Falling Away With Ire/Chapter 2

A Chapter by Foxemerald

Chapter 2-

Shattering Roughly

 

            [When Abast was gone, Lily was a bit confused. Slowly she fingered the pendulum resting upon her white chest. The small orb had been her mother's passed on to Lily when she died.

            "Mom," she whispered. "Right now I so badly miss you. Mom why did you have to leave me? I loved you. I'm always so alone now." Who would have purposed in their hearts, any change in which Lily could wish herself away from all of this?
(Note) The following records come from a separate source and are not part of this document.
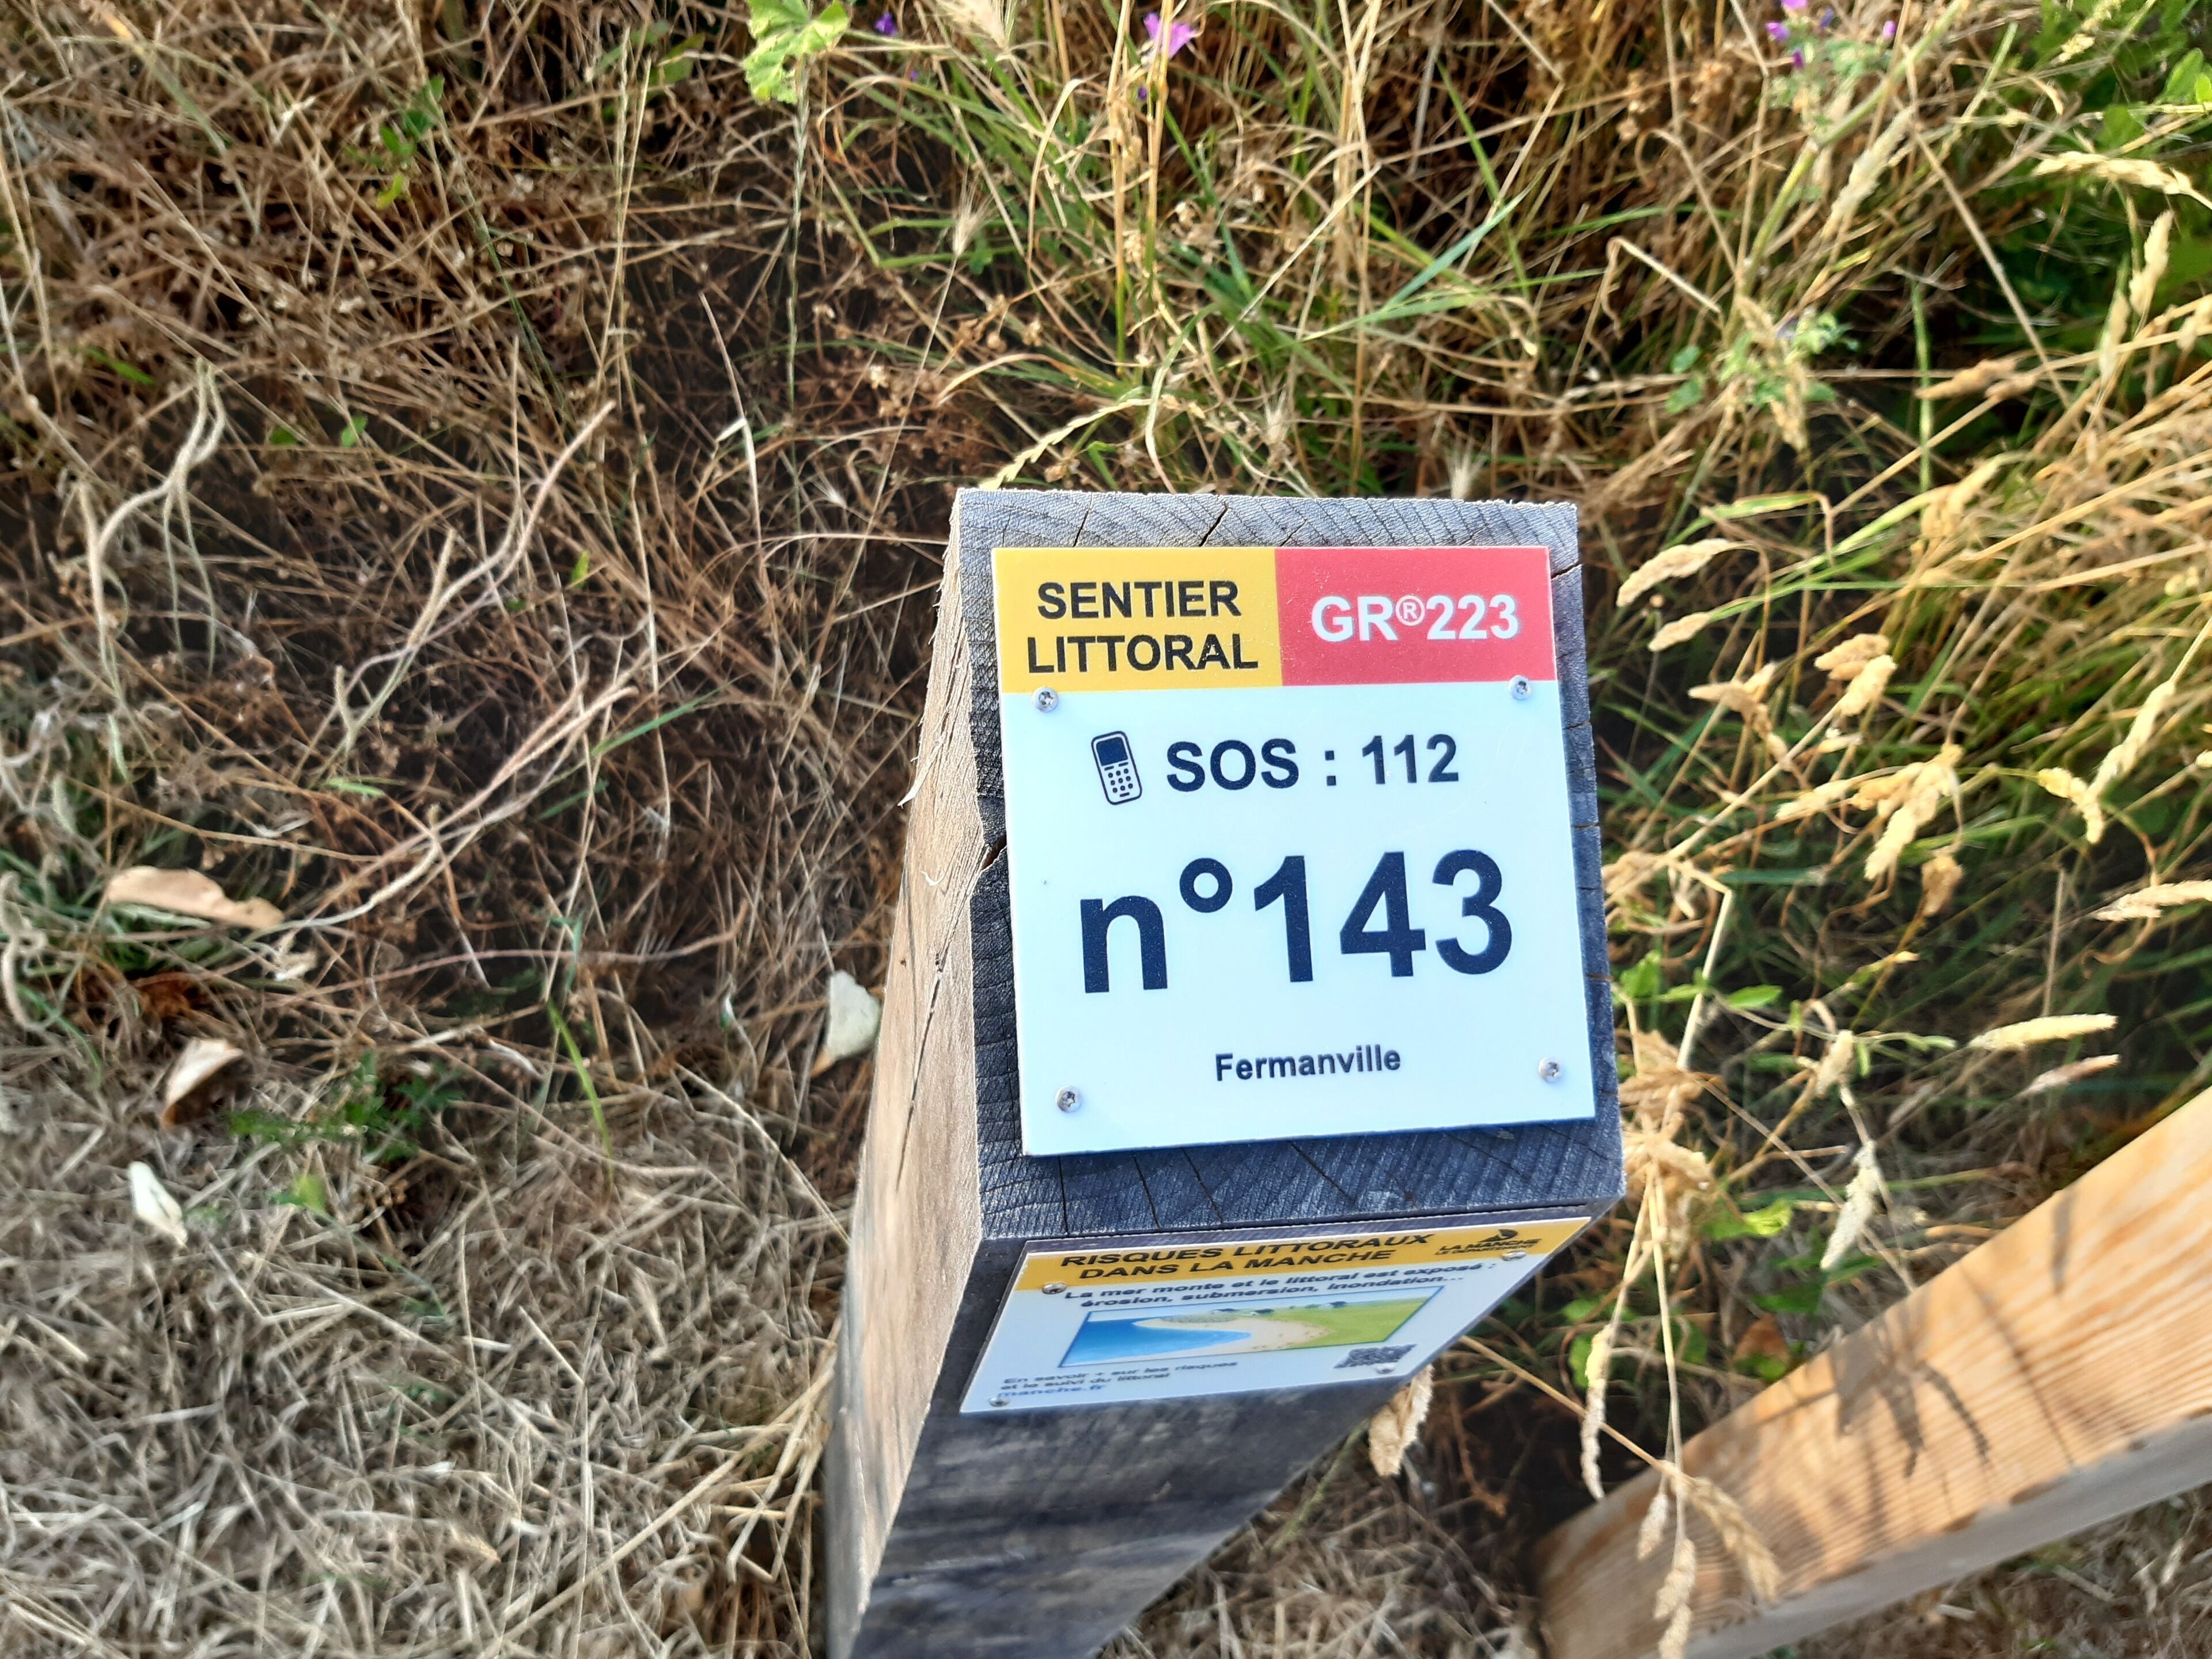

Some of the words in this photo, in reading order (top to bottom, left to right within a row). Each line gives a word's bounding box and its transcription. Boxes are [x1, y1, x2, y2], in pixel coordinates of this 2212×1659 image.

[1037, 580, 1241, 620] SENTIER
[1027, 634, 1258, 674] LITTORAL
[1166, 738, 1299, 792] SOS
[1326, 751, 1336, 786] :
[1362, 733, 1459, 784] 112
[1080, 849, 1512, 994] n°143
[1215, 1044, 1401, 1081] Fermanville
[1061, 1248, 1224, 1267] RISQUES
[1233, 1234, 1435, 1256] LITTORAUX
[1080, 1264, 1180, 1279] DANS
[1190, 1260, 1234, 1272] LA
[1244, 1249, 1396, 1268] MANCHE
[1100, 1287, 1147, 1296] mer
[1152, 1282, 1225, 1293] monte
[1232, 1279, 1254, 1288] et
[1286, 1272, 1359, 1284] littoral
[1364, 1269, 1399, 1278] est
[1404, 1263, 1483, 1276] exposé
[1081, 1296, 1173, 1307] érosion,
[1181, 1286, 1318, 1301] submersion,
[1117, 1373, 1171, 1381] littoral
[1175, 1362, 1238, 1370] risques
[998, 1384, 1105, 1396] manche.fr
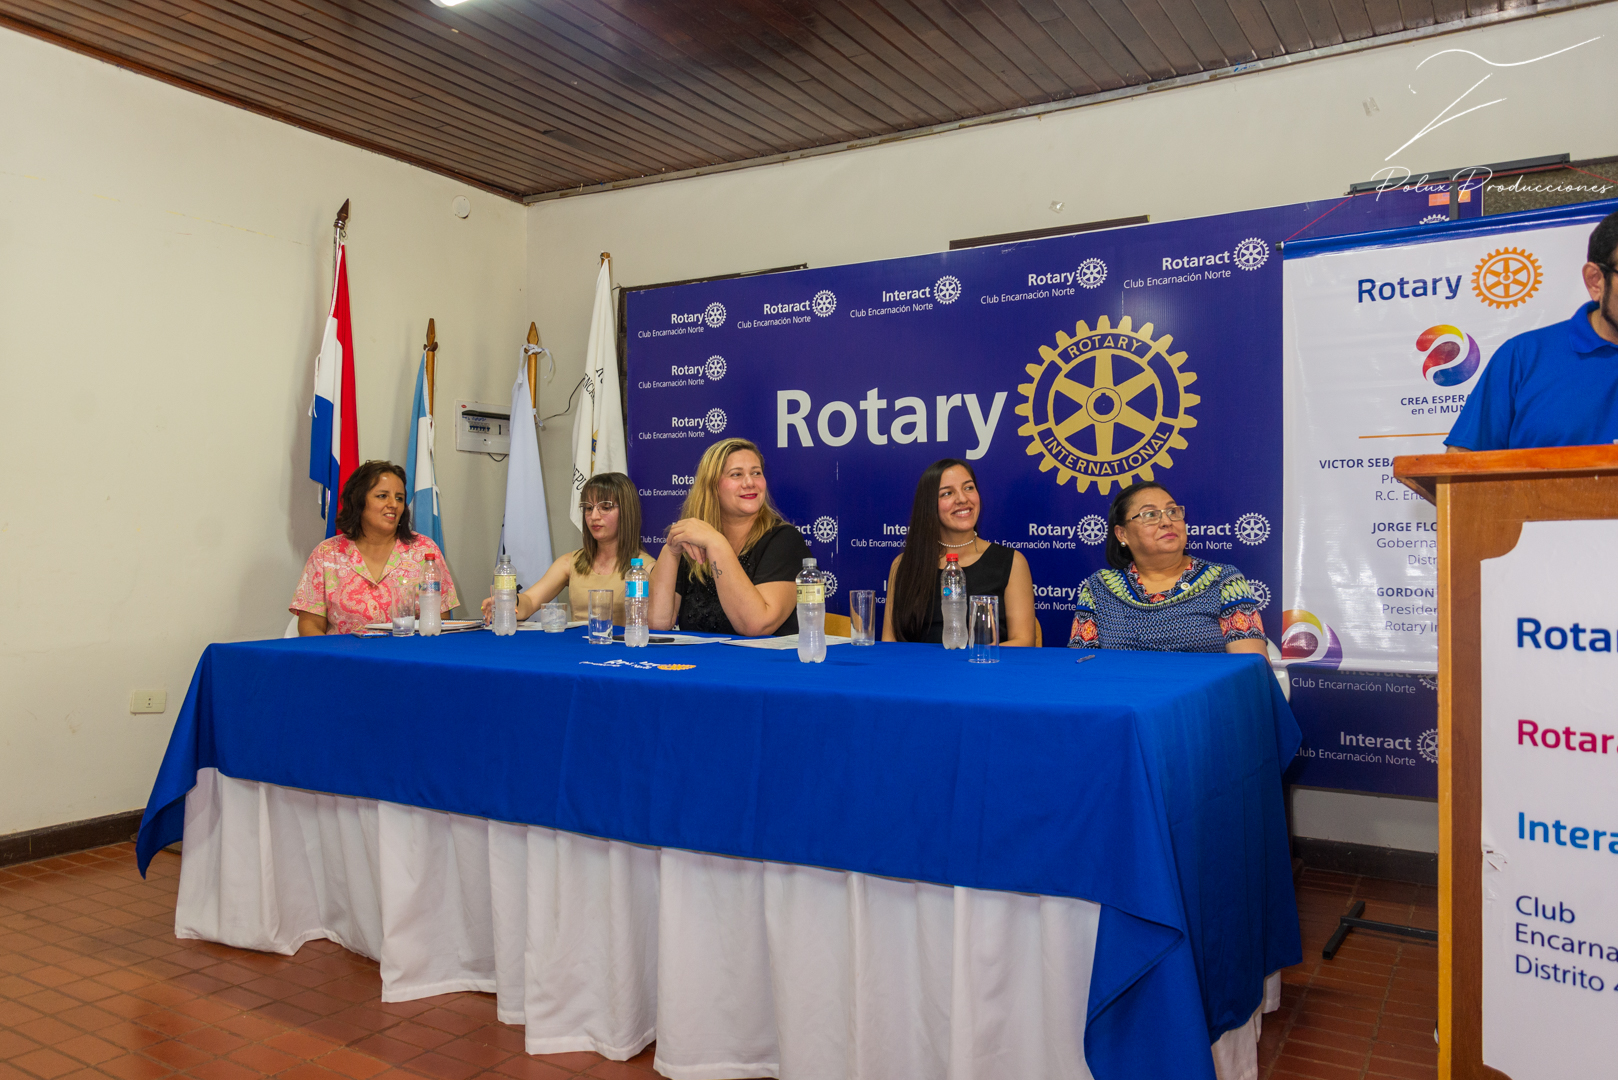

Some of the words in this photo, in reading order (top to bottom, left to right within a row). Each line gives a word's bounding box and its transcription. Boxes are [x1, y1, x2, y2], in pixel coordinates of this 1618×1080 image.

[1162, 251, 1230, 270] Rotaract
[1028, 272, 1075, 286] Rotary
[1124, 278, 1144, 289] Club
[1147, 273, 1202, 287] Encarnación
[1204, 270, 1232, 280] Norte
[882, 286, 930, 302] Interact
[980, 295, 999, 304] Club
[1001, 290, 1049, 302] Encarnación
[1052, 287, 1075, 297] Norte
[1358, 274, 1462, 303] Rotary
[764, 300, 810, 314] Rotaract
[850, 308, 866, 318] Club
[868, 304, 910, 316] Encarnación
[912, 302, 933, 311] Norte
[671, 313, 704, 324] Rotary
[737, 320, 752, 329] Club
[753, 317, 791, 328] Encarnación
[792, 315, 811, 323] Norte
[638, 330, 651, 338] Club
[652, 327, 686, 337] Encarnación
[688, 326, 704, 334] Norte
[1067, 335, 1142, 359] ROTARY
[671, 365, 704, 376] Rotary
[638, 381, 651, 389] Club
[688, 378, 704, 386] Norte
[1401, 397, 1428, 405] CREA
[1432, 394, 1470, 404] ESPER
[1428, 406, 1437, 414] el
[672, 417, 704, 429] Rotary
[777, 388, 1008, 460] Rotary
[639, 432, 651, 440] Club
[688, 430, 705, 438] Norte
[1044, 429, 1170, 476] INTERNATIONAL
[1319, 459, 1364, 469] VICTOR
[672, 475, 697, 485] Rota
[1375, 491, 1398, 501] R.C.
[1028, 523, 1076, 539] Rotary
[1371, 522, 1412, 534] JORGE
[851, 539, 867, 547] Club
[1053, 541, 1076, 549] Norte
[1206, 541, 1232, 549] Norte
[1377, 587, 1434, 597] GORDON
[1053, 602, 1076, 610] Norte
[1385, 621, 1427, 634] Rotary
[1516, 618, 1618, 653] Rota
[1292, 678, 1315, 688] Club
[1319, 679, 1382, 692] Encarnación
[1385, 683, 1416, 693] Norte
[1340, 732, 1412, 750] Interact
[1518, 719, 1618, 754] Rotar
[1319, 749, 1382, 764] Encarnación
[1385, 755, 1416, 766] Norte
[1515, 895, 1575, 924] Club
[1515, 923, 1618, 963] Encarna
[1515, 954, 1604, 992] Distrito
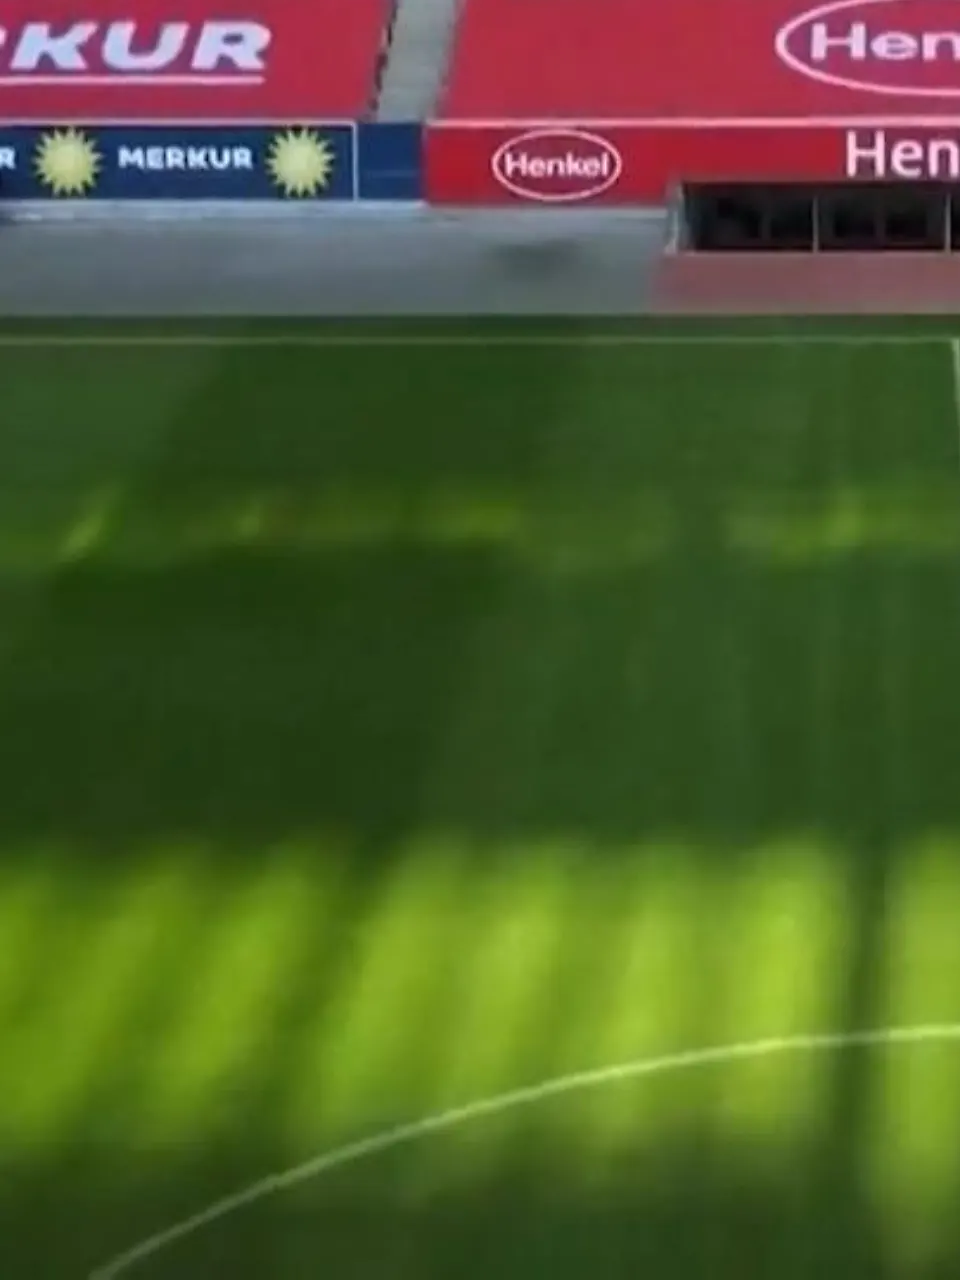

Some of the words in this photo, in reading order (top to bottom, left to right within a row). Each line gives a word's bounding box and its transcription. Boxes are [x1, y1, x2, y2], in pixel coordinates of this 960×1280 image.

            Rain started thrashing against her windows. If only there were some way for her to go back. It wasn't as though she were an orphan, so why should she complain? She still had a father.

            Some father he is! He won't even- look at me save for when he needs something, or perhaps- I don't know what his problem is. He won't even admit when he needs anything. Oh, Dad. Daddy- you can't go on in this way, never asking for any help. Her body tightened, causing her to wrap her arms around herself. Dad if there was, some way to demonstrate it to you. To show you that I still love you, that I do not blame you. Lily's hands shook, as she covered her face, wrapping herself in the most unlady-like position that she could ever have imagined in her most nightmarish dreams. After a minute she shook herself. That was- enough. There would be no more nonsense, because Lily was a woman. All of this was in the past. She quickly stifened her jaw, squaring her small shoulders. Lily stared at this emerald-eyed vision of herself in her mirror, thinking that her normally bright, tinted gems had pulled down some sort of shade. Then, she let out one long, heart-wrenching scream, throwing herself into the mirror as her voice tapered off, shattering it, and herself.

           

            When Lily opened her eyes blearily to the sounds of various voices, she quickly shut them again. In the blink of an instant, everything came rushing back. Immediately she knew where she was, and she had over one million regrets- exactly- about it. 'Please don't let him be here,' she prayed. When she opened her eyes once again with bravery, it was not her father who looked back at her, but a timid little boy with wide brown eyes. His hair stood up at one end, and he was staring at her as though he had never seen anything quite like her. Like she was an experiment gone wrong under a mircoscope. She could not withhold a small giggle.

            "What are you looking at?" she asked him. The boy blushed. He would not speak though.

            "Can't you talk?" He shook his head.

            "You are mute?" She sighed. "Guess you won't talk. No one wants to talk to me." She started when he began to climb up on her bed.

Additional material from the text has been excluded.